### Entries supplied
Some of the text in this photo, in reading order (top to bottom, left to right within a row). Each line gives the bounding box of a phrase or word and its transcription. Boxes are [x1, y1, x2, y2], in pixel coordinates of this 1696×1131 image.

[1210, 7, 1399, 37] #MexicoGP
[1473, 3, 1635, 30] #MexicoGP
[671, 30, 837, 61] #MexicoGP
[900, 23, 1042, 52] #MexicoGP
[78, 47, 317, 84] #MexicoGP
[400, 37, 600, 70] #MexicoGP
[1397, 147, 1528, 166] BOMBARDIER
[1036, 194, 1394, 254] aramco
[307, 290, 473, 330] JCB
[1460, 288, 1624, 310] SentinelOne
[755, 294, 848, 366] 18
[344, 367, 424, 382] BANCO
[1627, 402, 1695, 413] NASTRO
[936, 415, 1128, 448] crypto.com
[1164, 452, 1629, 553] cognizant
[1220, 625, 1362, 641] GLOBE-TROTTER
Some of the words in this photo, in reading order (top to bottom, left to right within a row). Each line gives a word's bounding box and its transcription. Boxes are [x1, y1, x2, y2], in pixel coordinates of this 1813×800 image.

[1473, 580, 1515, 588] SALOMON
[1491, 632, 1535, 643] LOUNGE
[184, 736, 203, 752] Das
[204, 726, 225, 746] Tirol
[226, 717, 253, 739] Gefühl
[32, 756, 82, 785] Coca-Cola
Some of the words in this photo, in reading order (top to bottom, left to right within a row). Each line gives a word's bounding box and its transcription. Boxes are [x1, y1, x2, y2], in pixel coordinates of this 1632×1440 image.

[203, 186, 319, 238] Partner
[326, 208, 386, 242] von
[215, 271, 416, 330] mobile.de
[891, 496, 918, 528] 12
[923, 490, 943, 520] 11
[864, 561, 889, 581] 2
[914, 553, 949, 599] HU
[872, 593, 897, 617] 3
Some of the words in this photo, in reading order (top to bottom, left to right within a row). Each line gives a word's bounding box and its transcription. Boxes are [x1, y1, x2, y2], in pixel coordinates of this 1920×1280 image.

### What is required
The response must reproduce the whole listing exactly.

### Output for this task
Some of the text in this photo, in reading order (top to bottom, left to right within a row). Each line gives the bounding box of a phrase or word and its transcription. Boxes are [x1, y1, x2, y2], in pixel coordinates of this 1696×1131 image.

[1210, 7, 1399, 37] #MexicoGP
[1473, 3, 1635, 30] #MexicoGP
[671, 30, 837, 61] #MexicoGP
[900, 23, 1042, 52] #MexicoGP
[78, 47, 317, 84] #MexicoGP
[400, 37, 600, 70] #MexicoGP
[1397, 147, 1528, 166] BOMBARDIER
[1036, 194, 1394, 254] aramco
[307, 290, 473, 330] JCB
[1460, 288, 1624, 310] SentinelOne
[755, 294, 848, 366] 18
[344, 367, 424, 382] BANCO
[1627, 402, 1695, 413] NASTRO
[936, 415, 1128, 448] crypto.com
[1164, 452, 1629, 553] cognizant
[1220, 625, 1362, 641] GLOBE-TROTTER
Some of the words in this photo, in reading order (top to bottom, left to right within a row). Each line gives a word's bounding box and its transcription. Boxes are [x1, y1, x2, y2], in pixel coordinates of this 1813×800 image.

[1473, 580, 1515, 588] SALOMON
[1491, 632, 1535, 643] LOUNGE
[184, 736, 203, 752] Das
[204, 726, 225, 746] Tirol
[226, 717, 253, 739] Gefühl
[32, 756, 82, 785] Coca-Cola
Some of the words in this photo, in reading order (top to bottom, left to right within a row). Each line gives a word's bounding box and its transcription. Boxes are [x1, y1, x2, y2], in pixel coordinates of this 1632×1440 image.

[203, 186, 319, 238] Partner
[326, 208, 386, 242] von
[215, 271, 416, 330] mobile.de
[891, 496, 918, 528] 12
[923, 490, 943, 520] 11
[864, 561, 889, 581] 2
[914, 553, 949, 599] HU
[872, 593, 897, 617] 3
Some of the words in this photo, in reading order (top to bottom, left to right within a row). Each line gives a word's bounding box and its transcription. Boxes are [x1, y1, x2, y2], in pixel coordinates of this 1920×1280 image.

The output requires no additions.